>>

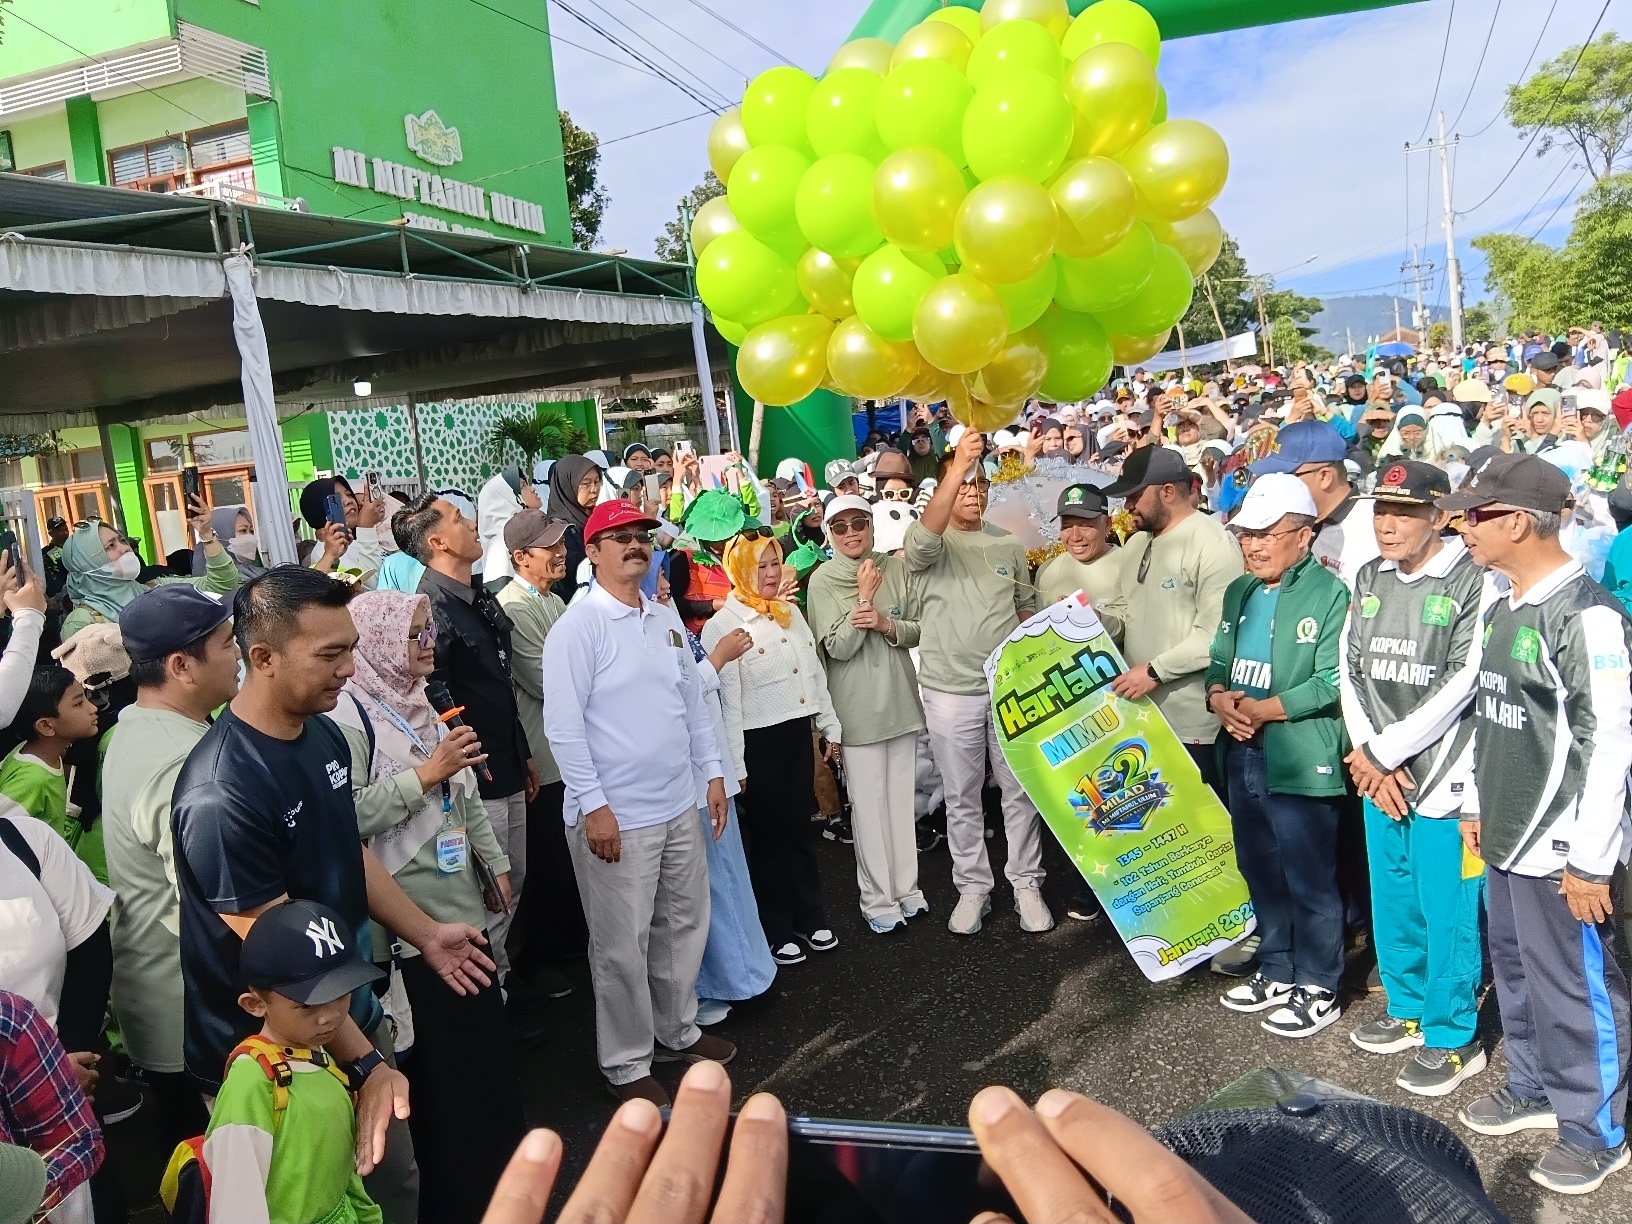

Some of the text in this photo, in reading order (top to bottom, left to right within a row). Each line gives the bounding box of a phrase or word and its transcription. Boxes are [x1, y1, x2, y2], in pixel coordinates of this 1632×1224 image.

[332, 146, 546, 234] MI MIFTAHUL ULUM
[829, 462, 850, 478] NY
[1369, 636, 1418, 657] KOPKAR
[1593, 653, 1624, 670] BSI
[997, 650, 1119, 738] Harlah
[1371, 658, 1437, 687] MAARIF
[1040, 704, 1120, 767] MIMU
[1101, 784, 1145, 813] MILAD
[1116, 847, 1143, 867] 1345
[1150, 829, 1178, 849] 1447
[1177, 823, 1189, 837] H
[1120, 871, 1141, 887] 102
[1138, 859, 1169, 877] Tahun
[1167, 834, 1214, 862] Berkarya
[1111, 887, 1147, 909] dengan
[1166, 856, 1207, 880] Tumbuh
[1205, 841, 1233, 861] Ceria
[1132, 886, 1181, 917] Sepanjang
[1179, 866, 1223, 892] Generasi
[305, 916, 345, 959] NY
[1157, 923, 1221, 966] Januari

<<

About this task -> Before copying, set the pictures aside; then give the records again exactly.

Exercise output ->
Some of the text in this photo, in reading order (top to bottom, left to right within a row). Each line gives the bounding box of a phrase or word and its transcription. Boxes are [x1, y1, x2, y2], in pixel coordinates of this 1632×1224 image.

[332, 146, 546, 234] MI MIFTAHUL ULUM
[829, 462, 850, 478] NY
[1369, 636, 1418, 657] KOPKAR
[1593, 653, 1624, 670] BSI
[997, 650, 1119, 738] Harlah
[1371, 658, 1437, 687] MAARIF
[1040, 704, 1120, 767] MIMU
[1101, 784, 1145, 813] MILAD
[1116, 847, 1143, 867] 1345
[1150, 829, 1178, 849] 1447
[1177, 823, 1189, 837] H
[1120, 871, 1141, 887] 102
[1138, 859, 1169, 877] Tahun
[1167, 834, 1214, 862] Berkarya
[1111, 887, 1147, 909] dengan
[1166, 856, 1207, 880] Tumbuh
[1205, 841, 1233, 861] Ceria
[1132, 886, 1181, 917] Sepanjang
[1179, 866, 1223, 892] Generasi
[305, 916, 345, 959] NY
[1157, 923, 1221, 966] Januari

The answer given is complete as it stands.